Reader board info mentioning my favourite woodland songbird the Swainson Thrush. Certainly, if you’ve ever walked B.C. interior woods at dusk you know his call, but not an easy bird to spot. Should you be curious just who he is have a look and a listen to this youtube video.
Stopped to take a picture of this waterfall but lucked into the bonus of seeing a black bear emerge from the bushes and make his way down the very steep cliff.
Careful fella that’s quite a cliff.
Loop Brook railway extension stone pillars.
An explanation of the loops.  How you get a train up a too steep mountain section.
What you don’t see when you drive through Rogers Pass.  This is adjacent to the highway at the big curve a few kilometres west of the summit.  I’ve never noticed this creek driving through.  Barricades block the view from a car.

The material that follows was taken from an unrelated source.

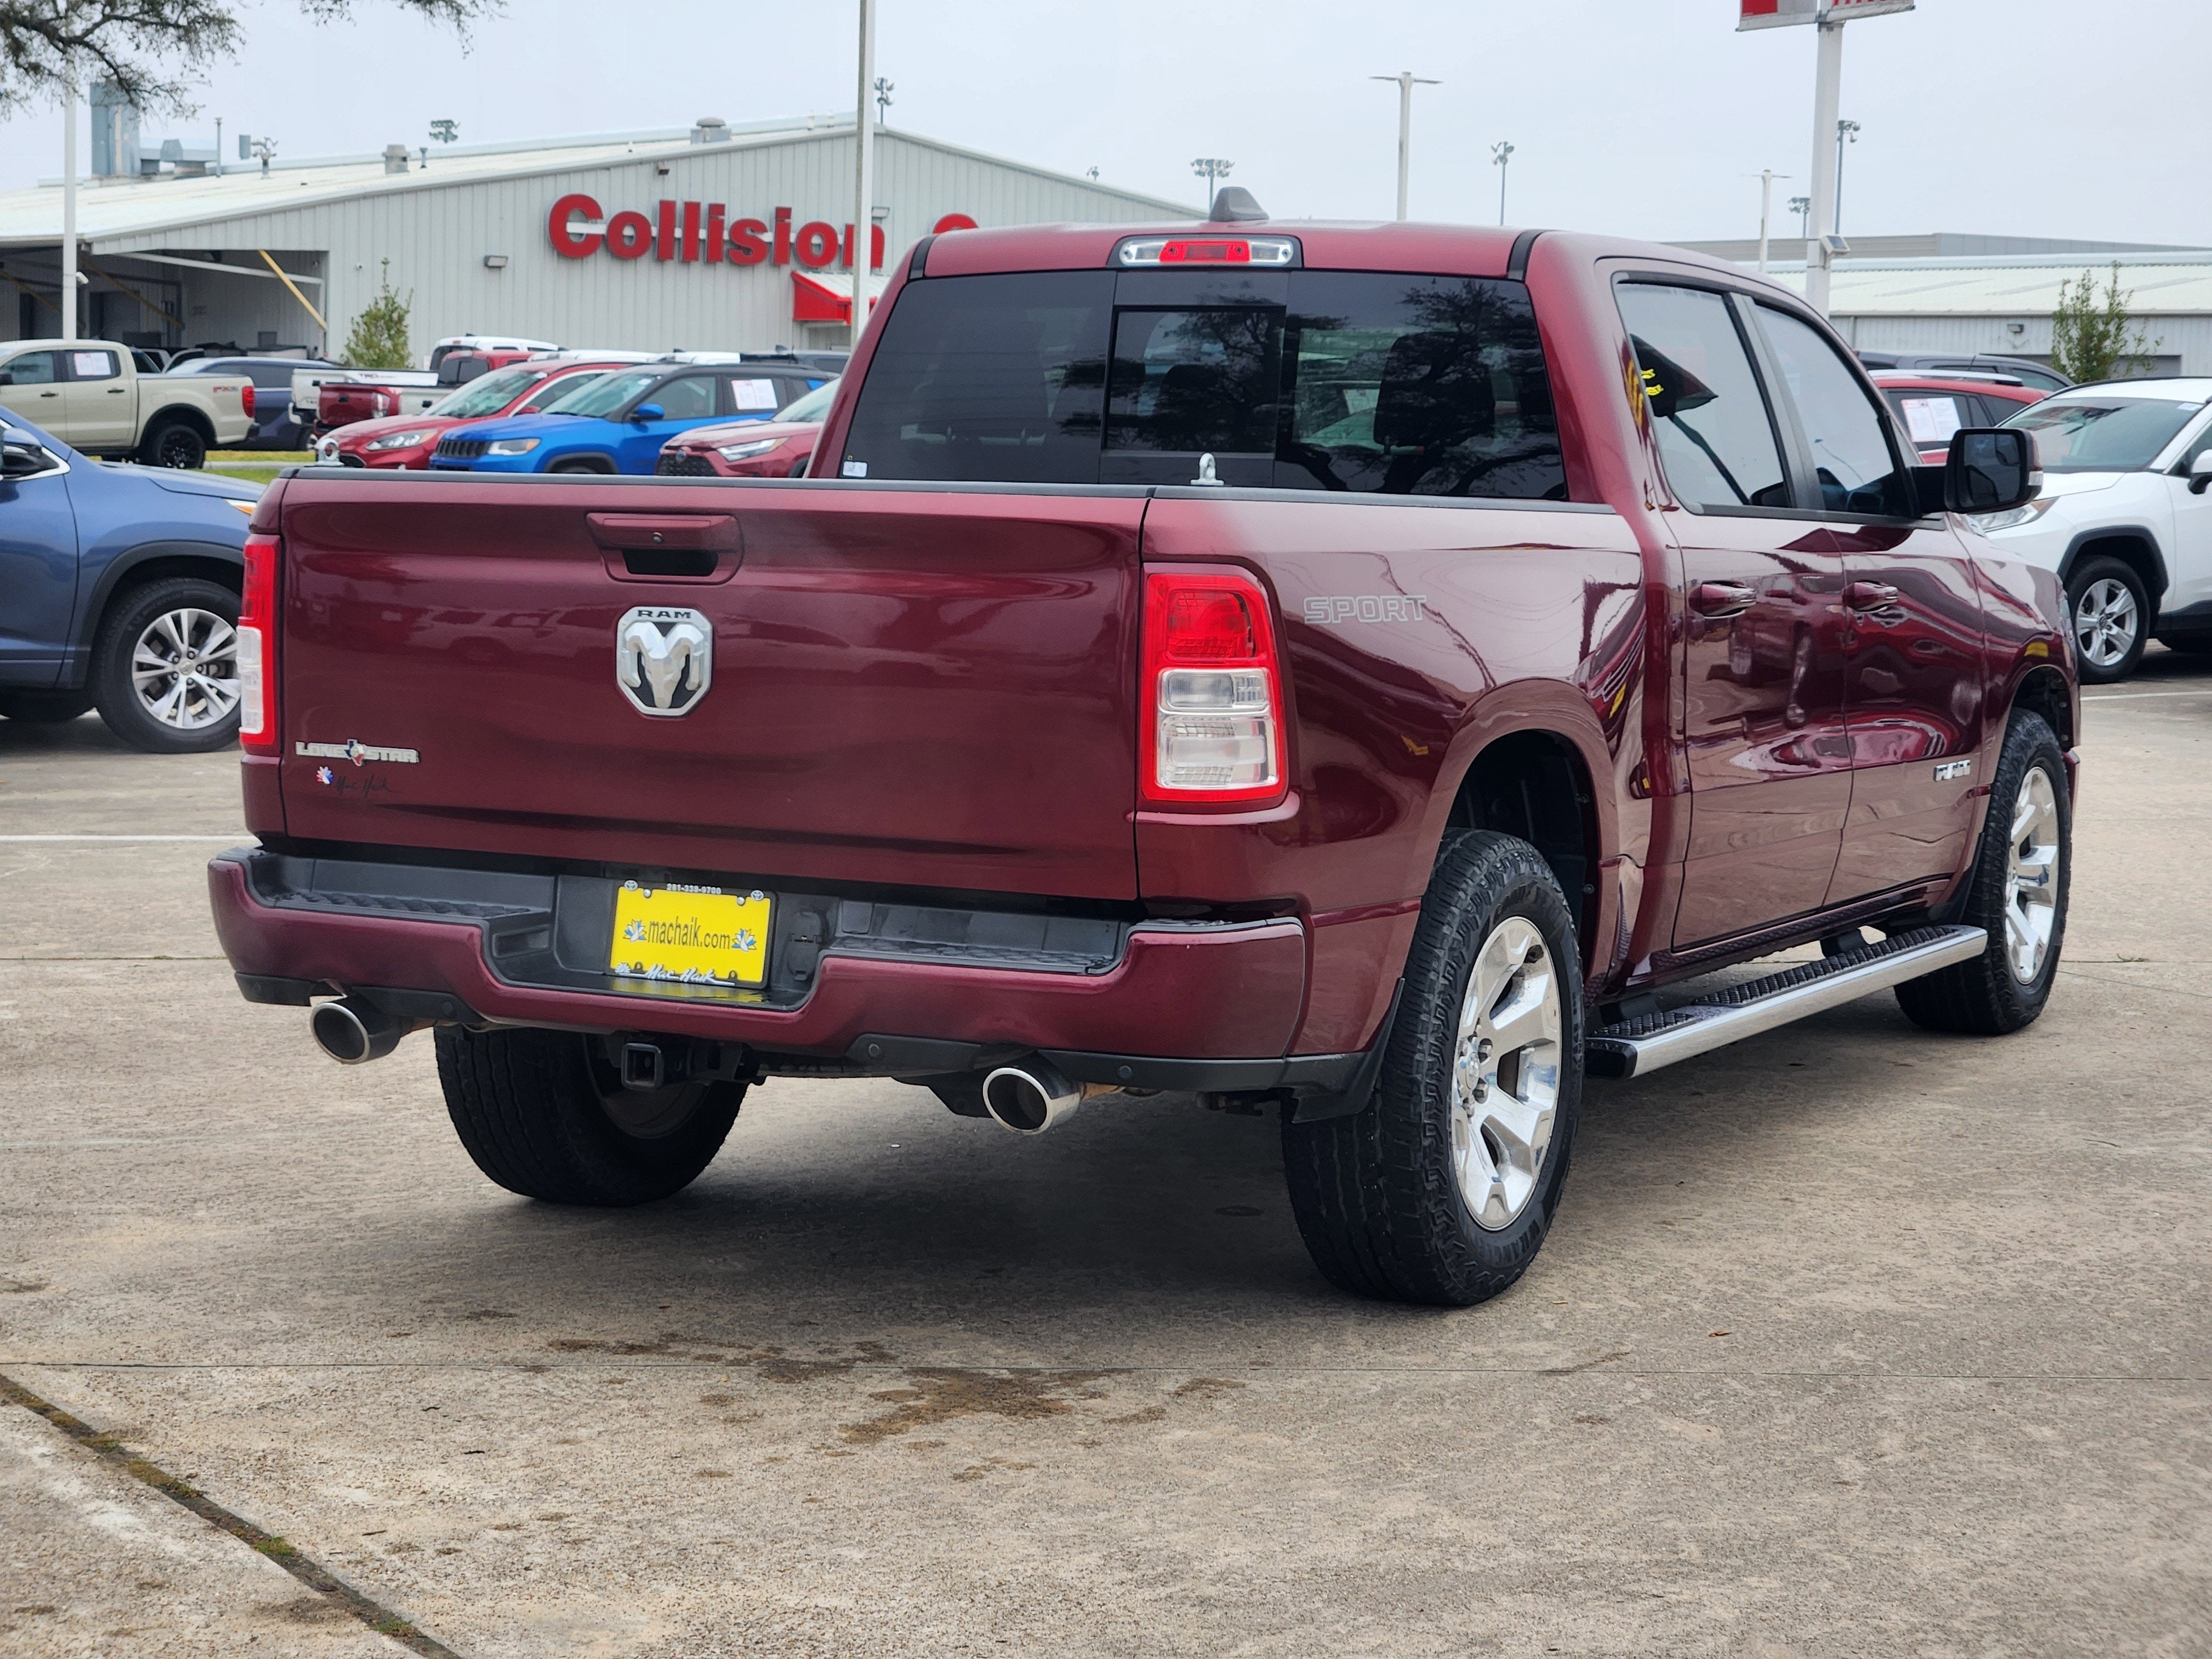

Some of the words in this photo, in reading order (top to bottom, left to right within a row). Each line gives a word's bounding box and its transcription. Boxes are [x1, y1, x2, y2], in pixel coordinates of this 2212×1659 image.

Second night camp spot beside the Beaver River.  This was the first place on the journey to have some mosquitoes.  The lack of mozzies is very strange but I’m not complaining.
Campspot beside Highway 95 south of Golden. Nice to be done with the nutso traffic on the Trans Canada.
Arrival at my son’s in Invermere.  The final day from south of Golden to Invermere was tougher pedaling than the previous two, due to strong south headwinds.  You get payback when you climb hills but the ratio of headwinds to tailwinds never seems fair.  I started to ‘bonk’ before reaching Radium – when the tank gets empty the motor quits.  I’d let the grub bag empty, thinking I could buy whatever from the gas stations along the way.  One such anticipated fueling stop was Edgewater.  However it is located 2 km from the highway, and there was no gas station at the junction.   When I realized my sudden weakness was due to a lack of food I ate some smoked salmon I’d intended to keep for later and a few tablespoons of coconut oil.  This got me to Radium where a liter of pop sweetened the remaining miles.